Category: Uncategorized


just shoot me

went out with a friend today, actually stayed over at her place last night and then today we went out and about as i like to say.
boy was i glad to get home. it’s trying…….even headachy sometimes to keep the peace.

her opinions are strong and they’re the only ones that make any sense so…….she’s always right. ain’t that nice.

everything from why i don’t trust the general public and want to wind up the car windows, as well as lock the car doors, when my shopping bags are inside and we’re gone into the next store to why the sky is blue.
if only i could be right for once. just once. not all the time just…once. hmmmmmm.

if only i weren’t considered paranoid or naggish or foolish or STUPID. if only.

sad is me. who knew my behaviour was so backwards and S T O O P I D.

oh i know. next time i go shopping on my own.
next time i have a great relaxing day off  and wander the aisles of the mall on my own.
next time i take as long as i like for coffee.
next time i whack people with my purse if i want to.
next time blah blah blah…..ya get the picture???

yeah……shoot me. it’ll hurt less.

spring has sprung

closet cleaning and then house cleaning. it’s refreshing……..it’s liberating…….it’s theraputic……hell it’s spiritual to clean out the old and scrub the shelves and walls and floors blah blah blah clean.
but i’m tired and taking a break. only so much clean one witch can handle per day.

it’s also fun, i’ve found things i have long forgotten about. and then i threw them out. i worked with someone once who said “if we haven’t used it in the last 6 months throw it out”.
well some of my junk hasn’t seen the light of day in around 8 years. out it went.
i found adapters, usb cord thingies, and chargers that i have no idea what it belonged to. all gone to the garbage bin. i feel bad about wasting so much stuff. fuck knows what it belonged to. like they say, after you throw it out you’ll find a use for. but i’ve watched enough episodes of Hoarders and it all went to the trash.

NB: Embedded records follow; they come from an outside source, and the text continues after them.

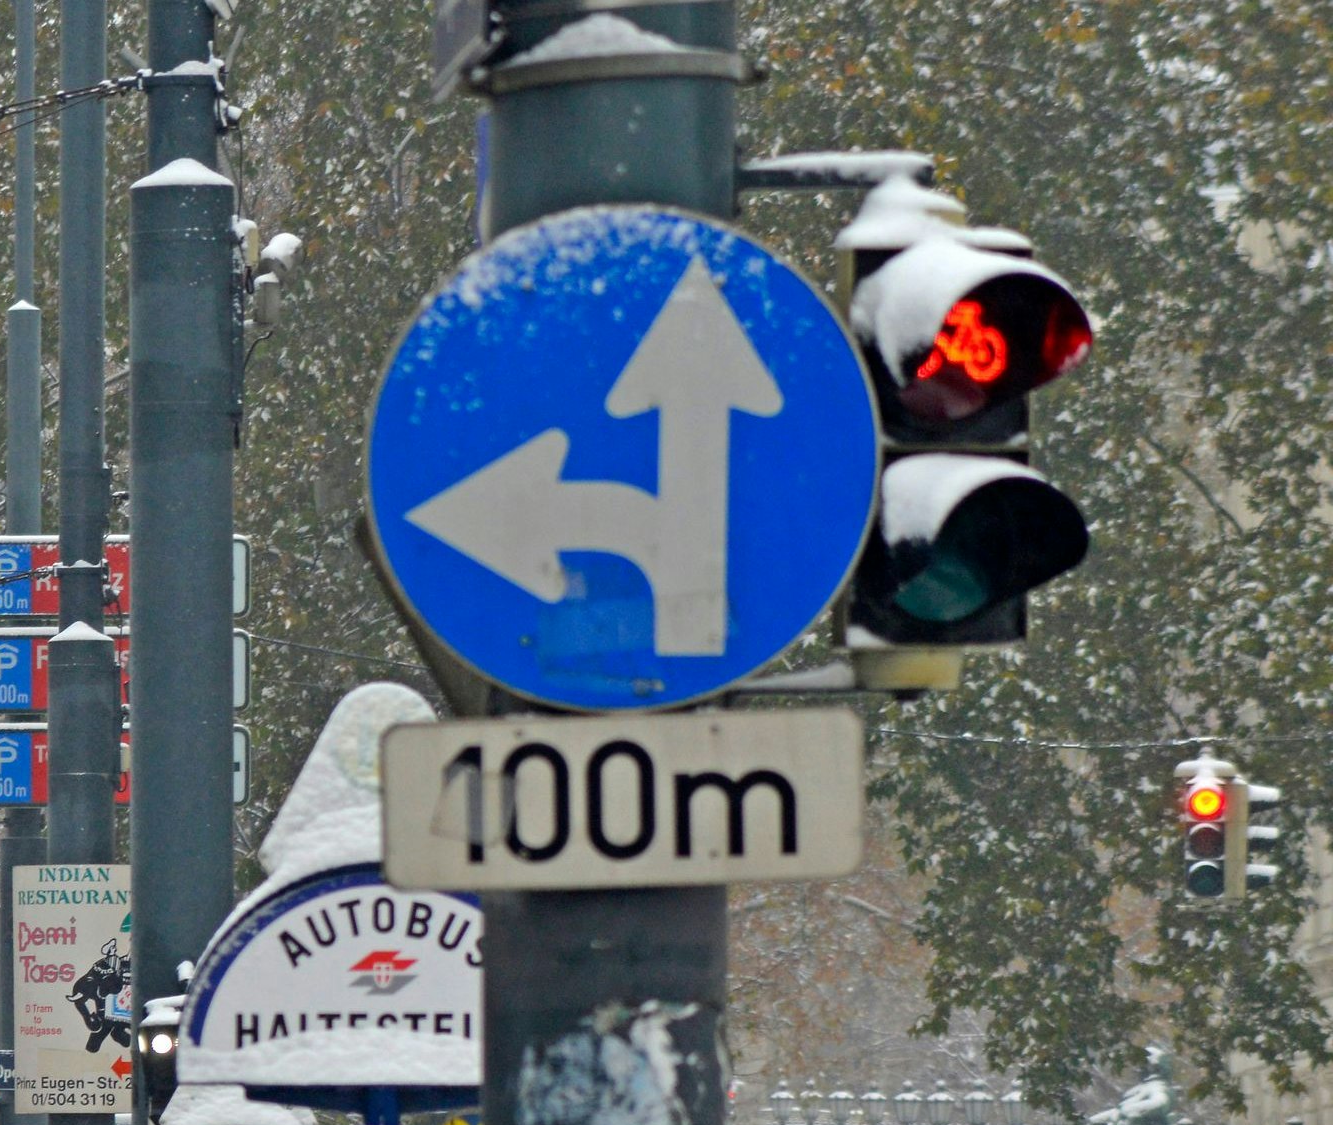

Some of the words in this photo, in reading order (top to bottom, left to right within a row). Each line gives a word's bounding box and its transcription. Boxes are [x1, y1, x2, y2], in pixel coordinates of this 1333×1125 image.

[38, 867, 110, 882] INDIAN
[19, 955, 76, 984] Tass
[32, 1004, 53, 1013] Tram
[33, 1016, 42, 1024] to
[16, 1077, 36, 1089] Prinz
[32, 1093, 77, 1106] 01/504
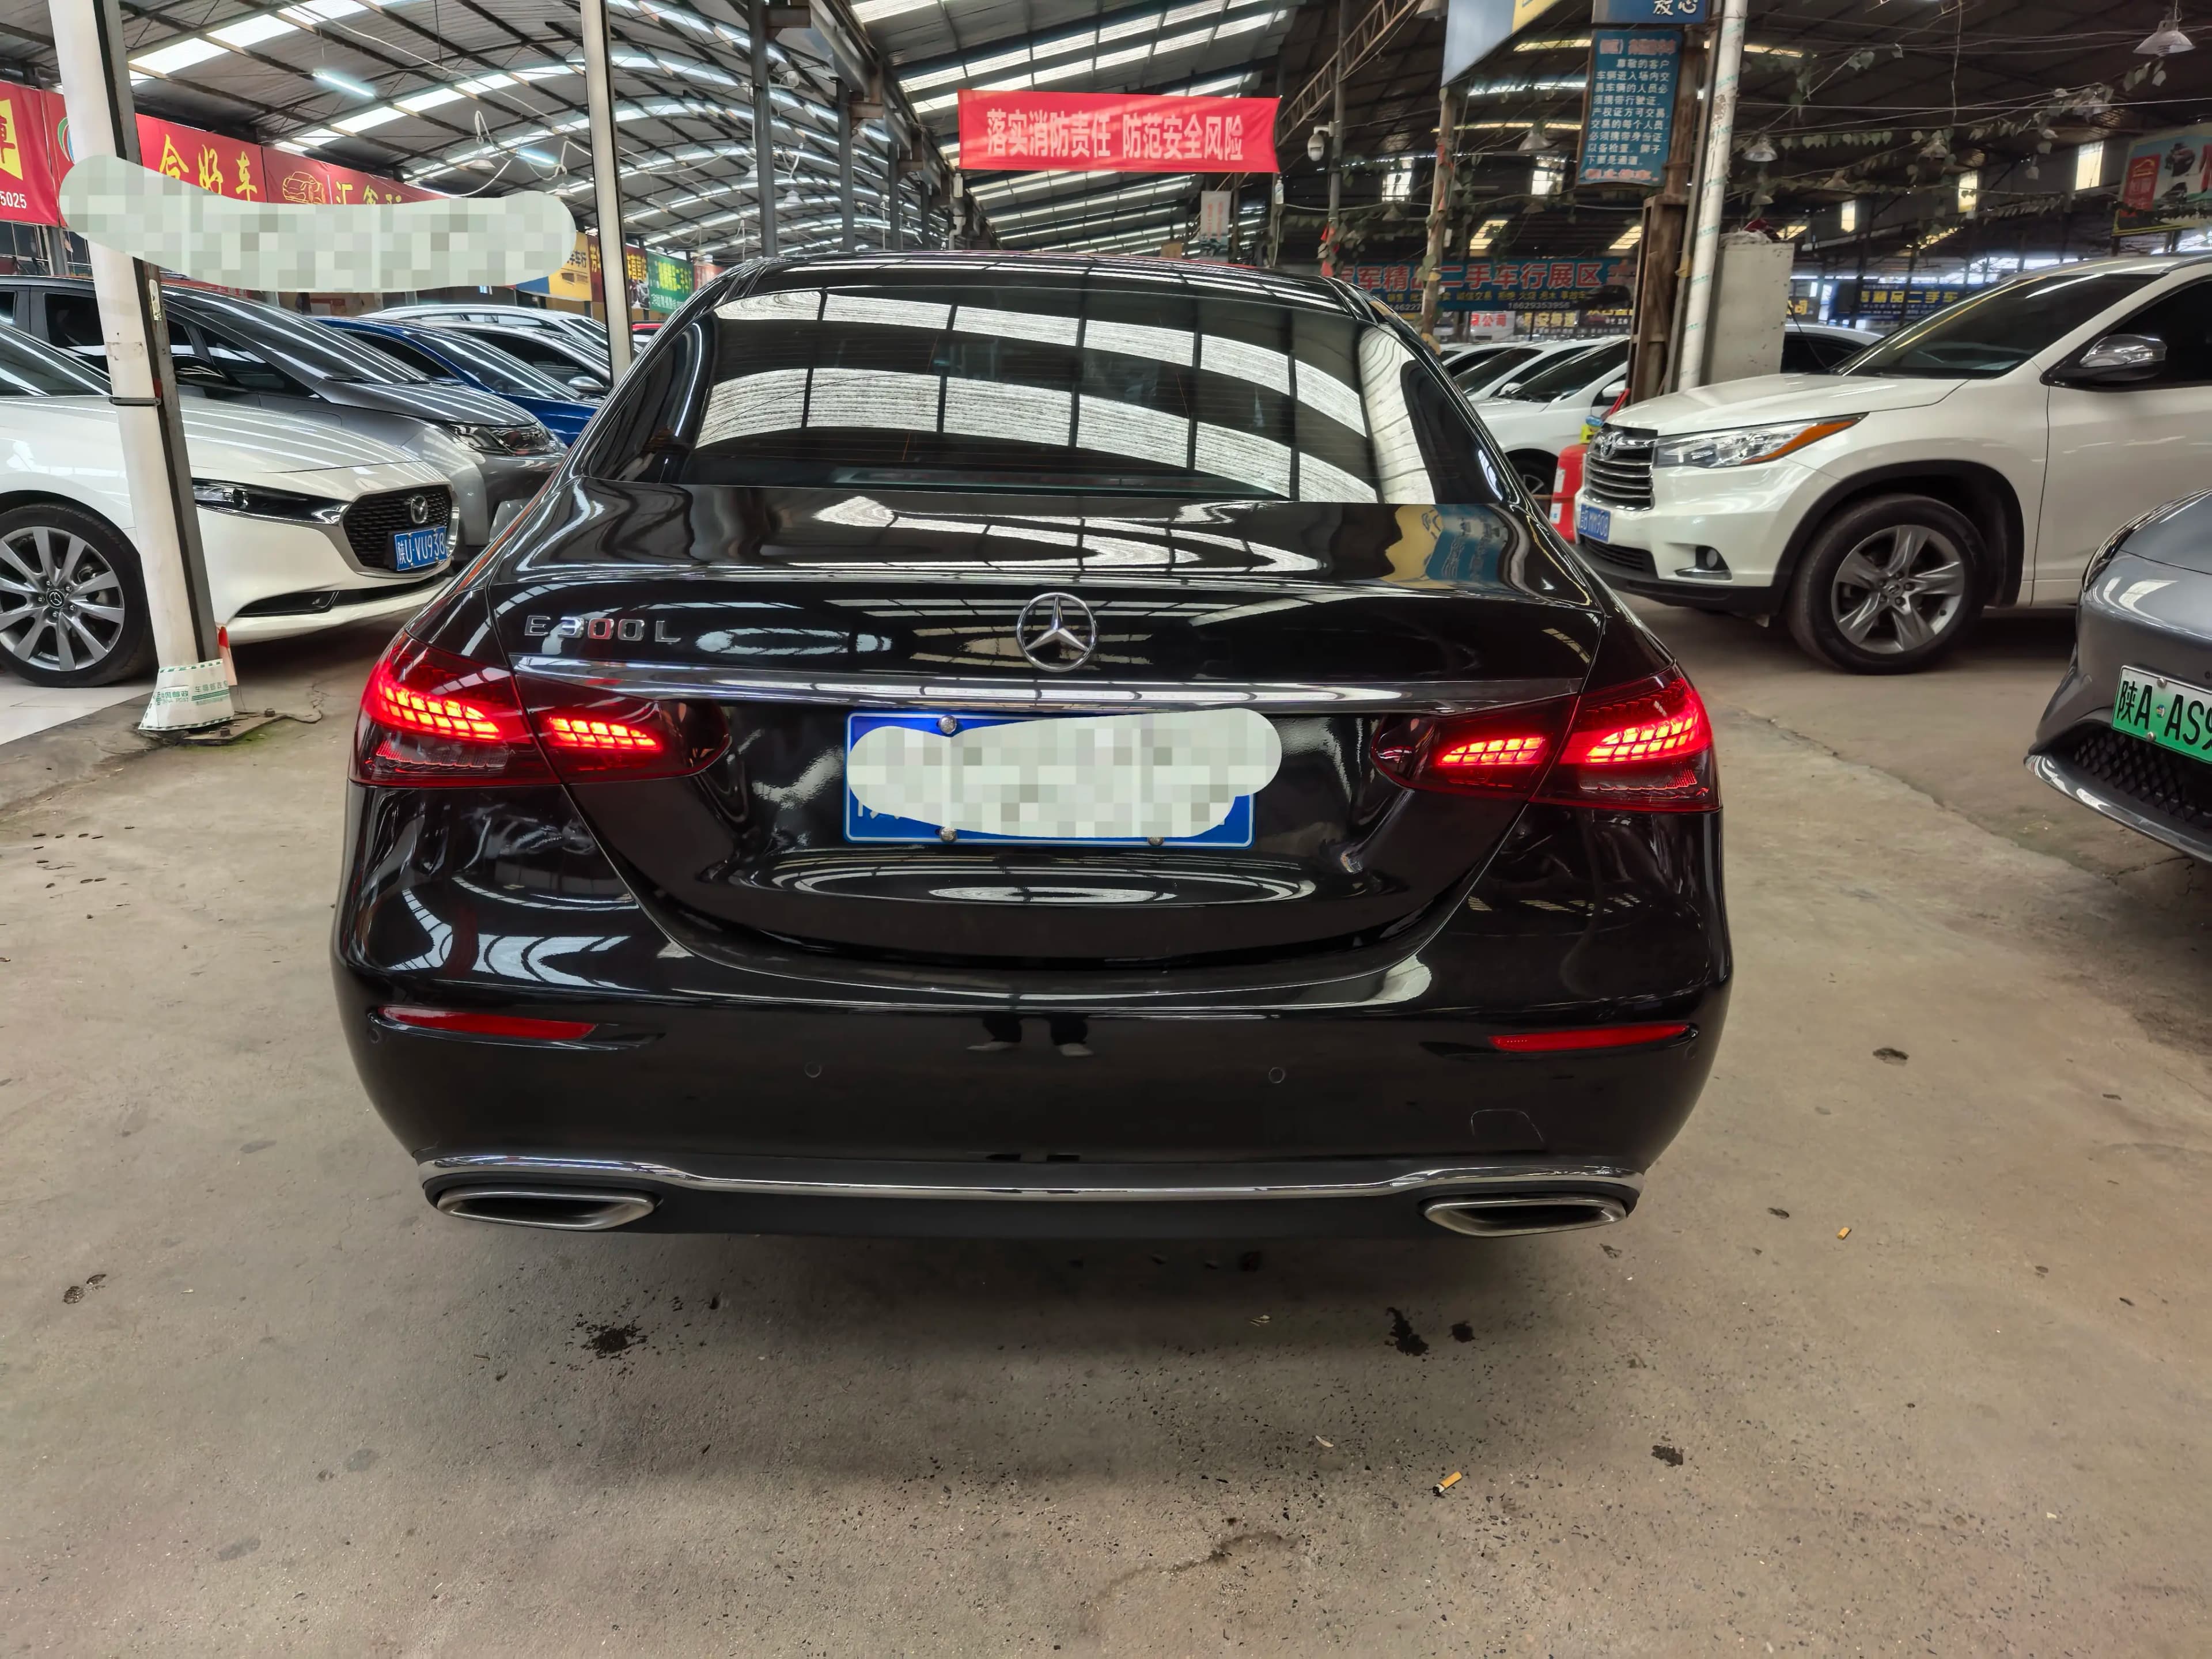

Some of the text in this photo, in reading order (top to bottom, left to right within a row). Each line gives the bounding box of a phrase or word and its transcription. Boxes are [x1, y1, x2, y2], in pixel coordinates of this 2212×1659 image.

[986, 108, 1244, 162] 落实消防责任 防范安全风险

i was at loose ends after this dejunking kick and called a girlfriend to go shopping. NO the irony of this is not lost on me.
i threw out 6 pairs of jeans that i really didn’t like and bought a very nice new pair new-to-me pair. we hit every second hand store we could find and had the time to make it to in one day. i got three tops and a vintage Guess purse for $27. it’ll come in handy in florida, i leave on tuesday. of all my purses i didn’t have one for summer. that’s just wrong.

went to winners cause, well, it was on the way to the next second hand shop. i shouldn’t have gone in. should have stayed in the car. shouldn’t. i went in and couldn’t leave without it. it is a huge red bag. looks like a handbag but is the size of a suitcase. love it.

there are crows outside my window as i’m typing this. they’re sitting in the trees squawking and now flying by. crows are said to be messengers but as i don’t speak crow i have no idea what they’re on about.

i scrubbed the garbage can with vim, it was the only thing i can find to get rid of the grease. and then i attacked….

the crows are back.

………the floor around the stove, it was covered in grease. the cat hair sticks to the grease and well i’m sure you get the picture. the stove got a good cleaning and then i got tired and went for a shower. i’ll find something else to clean tomorrow.

hate cleaning and doing it in small amounts at a time works best for this witch. besides a sparkling clean house is an unhappy one.

get lost crows.

living in a fog

it’s been rainy this week, lots and lots of rainy, some wind and then some fog.

the fogs presence this week allowed me to see something i’ve never seen before, the grey of the winter. yes in my near 45 years i have never actually seen what gives people SAD.

i was on the balcony having a ciggie and the fog was present yet again. as i sat there i noticed it. i noticed it for the first time in my life and i felt it.
i felt it in the bones of my body and the furthest back of my mind that you can go.

i had a friend once who lost an entire year of university and the tuition that goes with it. she couldn’t go to class, she couldn’t even get off the sofa.
she would spend her days lying around watching tv in her pajamas. when her roomates got home from class she’d put on a happy face and chat with them about her day – at school.
she flew to ottawa to see her parents for christmas and during the flight she lost it. she’d had enough, she didn’t know what was wrong with her and had no idea why she didn’t have any energy for life. the stranger beside her held her hand and told her everything would be alright.
she finally did consult a doctor and found instead of a mental illness she had a vitamin D deficiency.

she finished school and is now married with children and a great career.

now that the fog inside my head has lifted i can see the fog outside. i see reality, i see a dull picture painted from winters palette.

used to be that winter never bothered me, i actually looked forward to the season. i’m not a fan of bugs and sweating and body acne, winter suited me just fine. now, however, i see what the rest of the world does. i see their fog.